Alexander Hurst , The Guardian; Eminem, AI and me: why artists need new laws in the digital age
"Song lyrics, my publisher informs me, are subject to notoriously strict copyright enforcement and the cost to buy the rights is often astronomical. Fat chance as well, then, of me quoting Eminem to talk about how Lose Yourself seeped into the psyche of a generation when he rapped: “You only get one shot, do not miss your chance to blow, this opportunity comes once in a lifetime.”

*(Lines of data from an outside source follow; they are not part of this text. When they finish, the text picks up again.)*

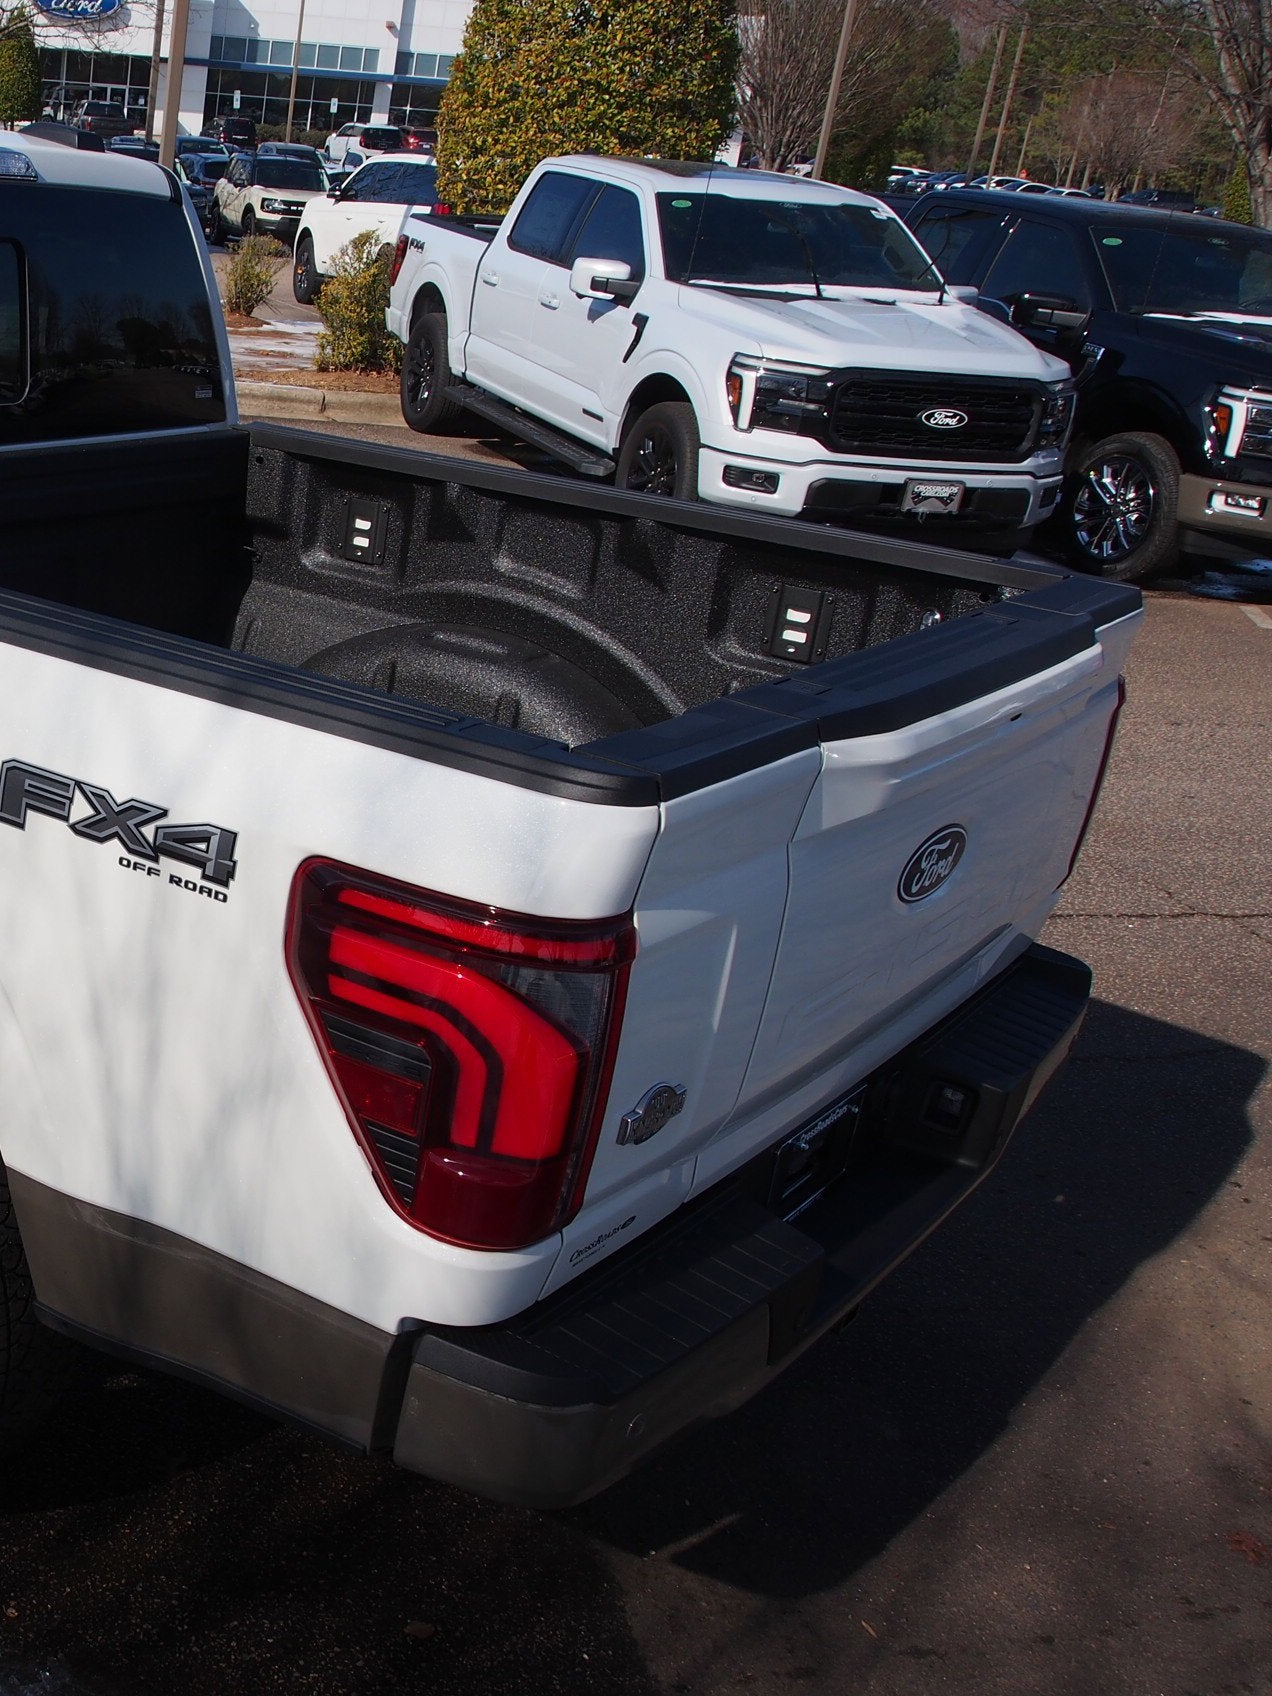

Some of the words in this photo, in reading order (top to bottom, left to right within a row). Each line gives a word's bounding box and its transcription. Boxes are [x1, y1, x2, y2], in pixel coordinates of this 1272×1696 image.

[930, 411, 960, 425] Ford
[914, 485, 960, 493] CROSSROADS
[118, 856, 161, 877] OFF
[168, 873, 228, 903] ROAD
[911, 838, 959, 893] Ford

Oh would it be different if I were an AI company with a large language model (LLM), though. I could scrape from the complete discography of the National and Eminem, and the lyrics of every other song ever written. Then, when a user prompted something like, “write a rap in the style of Eminem about losing money, and draw inspiration from the National’s Bloodbuzz Ohio”, my word correlation program – with hundreds of millions of paying customers and a market capitalisation worth tens if not hundreds of billions of dollars – could answer:
“I still owe money to the money to the money I owe,
But I spit gold out my throat when I flow,
So go tell the bank they can take what they like
I already gave my soul to the mic.”
And that, according to rulings last month by the US courts, is somehow “fair use” and is perplexingly not copyright infringement at all, despite no royalties having been paid to anyone in the process."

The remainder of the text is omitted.